Quotes from the teams
Of course we can't cover every change that has happened. So we reached out and asked some of our teams what changes they are most proud of:
For rustdoc, the big things were:
- The automatically generated documentation for blanket implementations
- The search itself and its optimizations (last one being to convert it into JSON)
- The possibility to test more accurately doc code blocks "compile_fail, should_panic, allow_fail"
- Doc tests are now generated as their own seperate binaries.
— Guillaume Gomez (rustdoc)
Rust now has baseline IDE support! Between IntelliJ Rust, RLS and rust-analyzer, I feel that most users should be able to find "not horrible" experience for their editor of choice. Five years ago, "writing Rust" meant using old school Vim/Emacs setup.
— Aleksey Kladov (IDEs and editors)
For me that would be: Adding first class support for popular embedded architectures and achieving a striving ecosystem to make micro controller development with Rust an easy and safe, yet fun experience.
— Daniel Egger (Embedded WG)
The release team has only been around since (roughly) early 2018, but even in that time, we've landed ~40000 commits just in rust-lang/rust without any significant regressions in stable.
Considering how quickly we're improving the compiler and standard libraries, I think that's really impressive (though of course the release team is not the sole contributor here). Overall, I've found that the release team has done an excellent job of managing to scale to the increasing traffic on issue trackers, PRs being filed, etc.
— Mark Rousskov (Release)
Within the last 3 years we managed to turn Miri from an experimental interpreter into a practical tool for exploring language design and finding bugs in real code—a great combination of PL theory and practice. On the theoretical side we have Stacked Borrows, the most concrete proposal for a Rust aliasing model so far. On the practical side, while initially only a few key libraries were checked in Miri by us, recently we saw a great uptake of people using Miri to find and fix bugs in their own crates and dependencies, and a similar uptake in contributors improving Miri e.g. by adding support for file system access, unwinding, and concurrency.
— Ralf Jung (Miri)
If I had to pick one thing I'm most proud of, it was the work on non-lexical lifetimes (NLL). It's not only because I think it made a big difference in the usability of Rust, but also because of the way that we implemented it by forming the NLL working group.
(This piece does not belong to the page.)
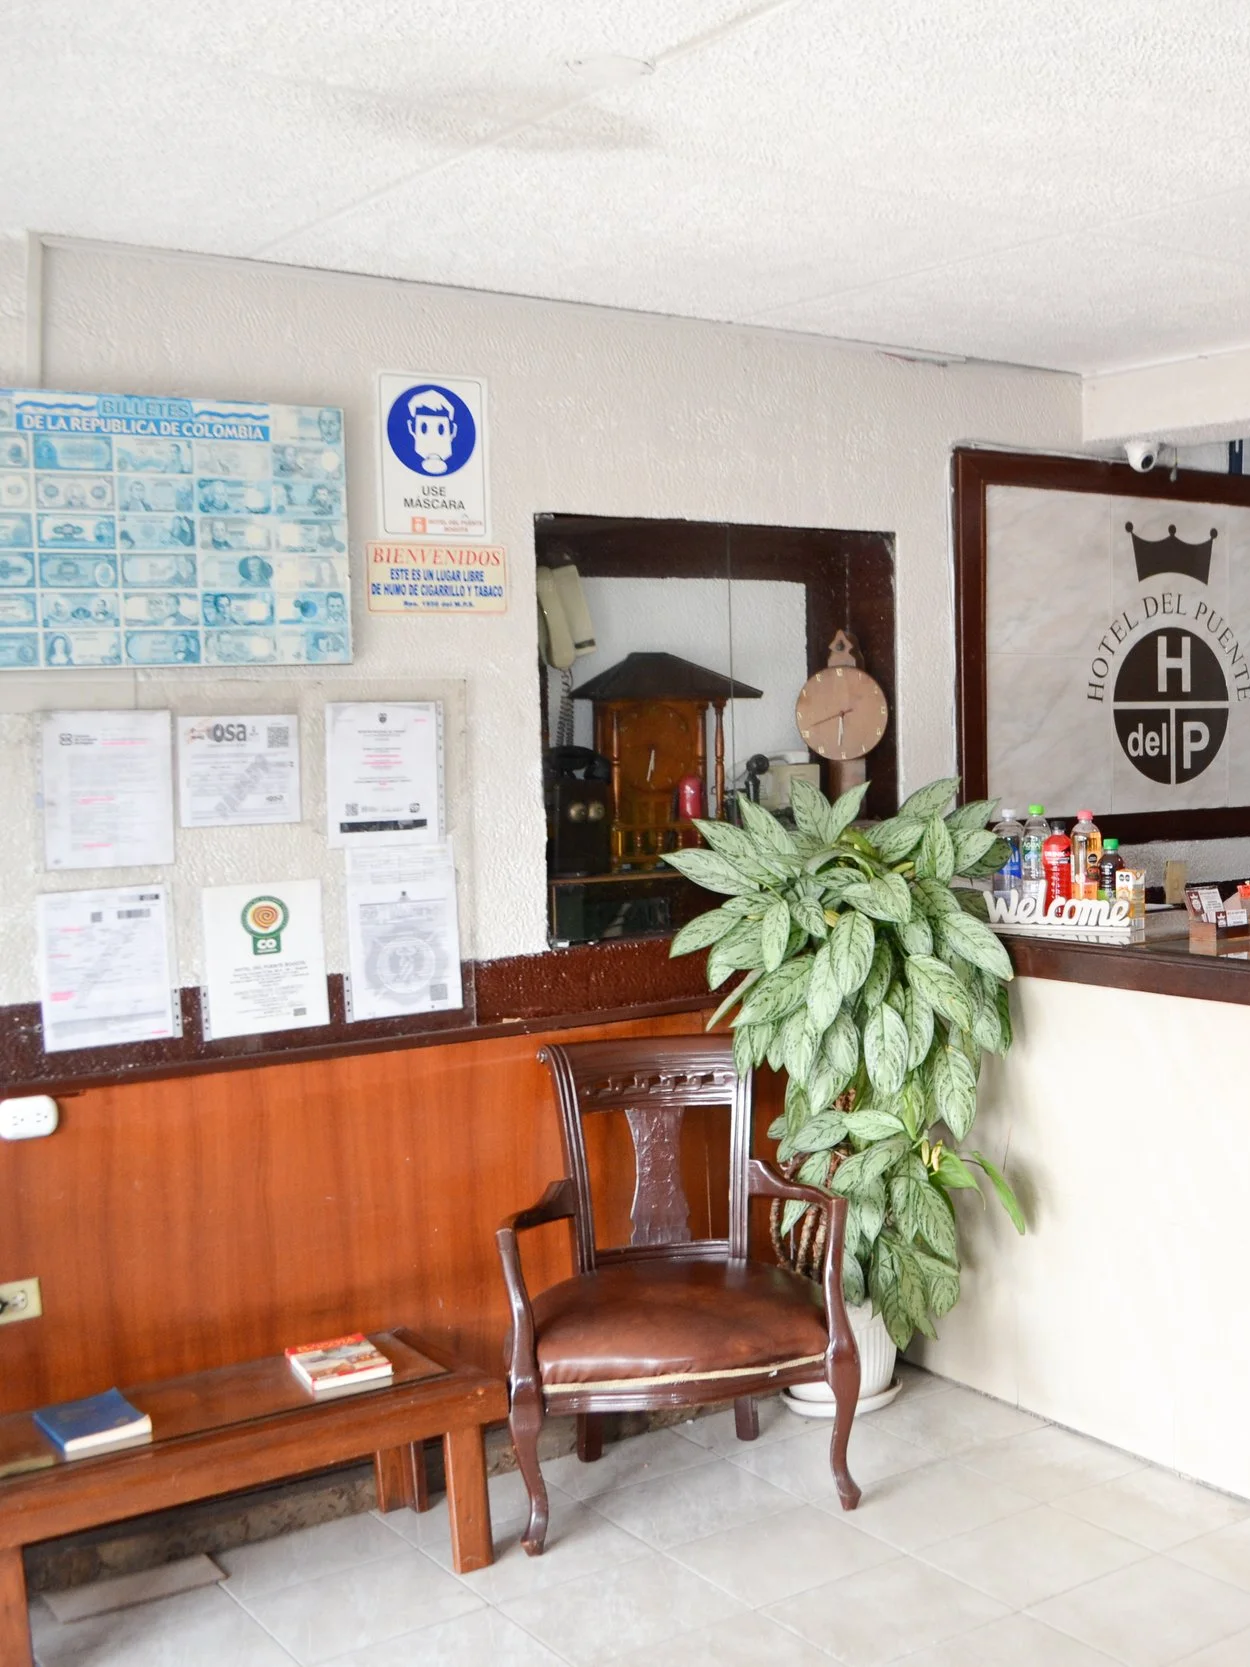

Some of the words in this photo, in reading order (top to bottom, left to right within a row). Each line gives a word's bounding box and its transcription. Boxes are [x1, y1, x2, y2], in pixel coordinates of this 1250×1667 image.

This working group brought in a lot of great contributors, many of whom are still working on the compiler today. Open source at its best!
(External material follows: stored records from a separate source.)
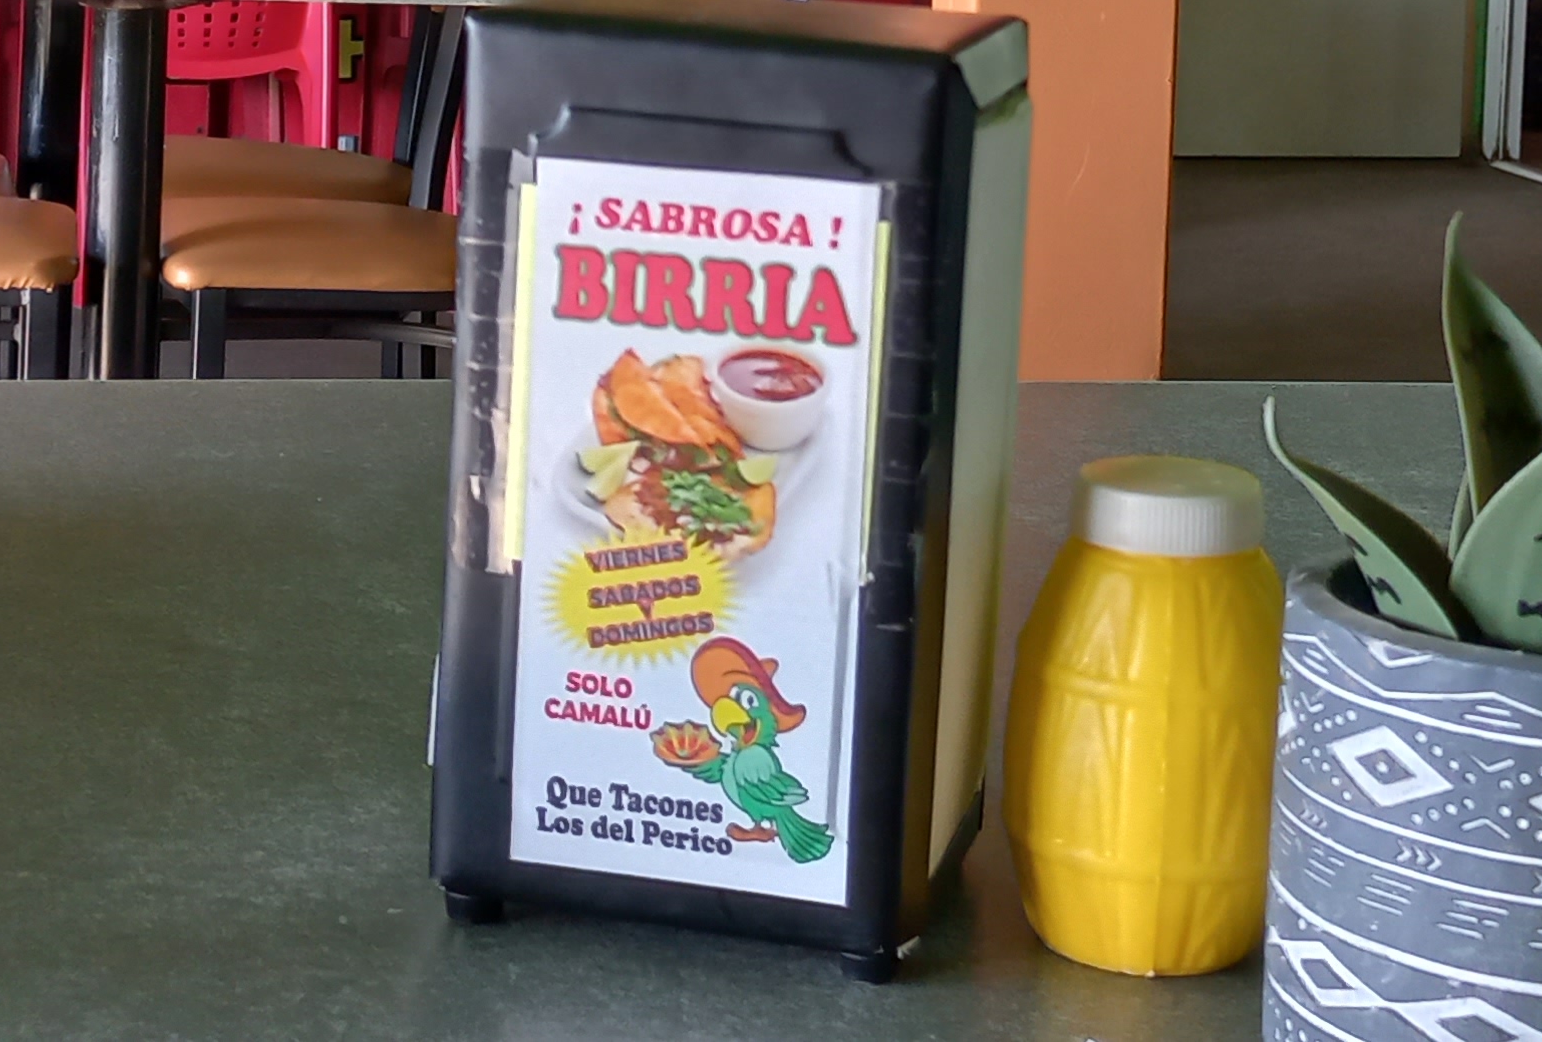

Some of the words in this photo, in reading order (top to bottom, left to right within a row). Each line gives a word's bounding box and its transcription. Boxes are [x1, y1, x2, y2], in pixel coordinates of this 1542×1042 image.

[594, 196, 815, 248] SABROSA
[552, 242, 858, 346] BIRRIA
[585, 541, 688, 572] VIERNES
[587, 574, 702, 609] SABADOS
[587, 611, 715, 648] DOMINGOS
[565, 671, 633, 699] SOLO
[544, 698, 652, 730] CAMALÚ
[546, 775, 602, 810] Que
[609, 782, 724, 824] Tacones
[535, 806, 584, 836] Los
[590, 815, 635, 843] del
[641, 820, 733, 855] Perico
— Niko Matsakis (Language)
The Community
As the language has changed and grown a lot in these past five years so has its community. There's been so many great projects written in Rust, and Rust's presence in production has grown exponentially. We wanted to share some statistics on just how much Rust has grown.
- Rust has been voted "Most Loved Programming Language" every year in the past four Stack Overflow developer surveys since it went 1.0.
- We have served over 2.25 Petabytes (1PB = 1,000 TB) of different versions of the compiler, tooling, and documentation this year alone!
- In the same time we have served over 170TB of crates to roughly 1.8 billion requests on crates.io, doubling the monthly traffic compared to last year.
When Rust turned 1.0 you could count the number of companies that were using it in production on one hand. Today, it is being used by hundreds of tech companies with some of the largest tech companies such as Apple, Amazon, Dropbox, Facebook, Google, and Microsoft choosing to use Rust for its performance, reliability, and productivity in their projects.
Conclusion
Obviously we couldn't cover every change or improvement to Rust that's happened since 2015. What have been your favourite changes or new favourite Rust projects? Feel free to post your answer and discussion on our Discourse forum.
Lastly, we wanted to thank everyone who has to contributed to the Rust, whether you contributed a new feature or fixed a typo, your work has made Rust the amazing project it is today. We can't wait to see how Rust and its community will continue to grow and change, and see what you all will build with Rust in the coming decade!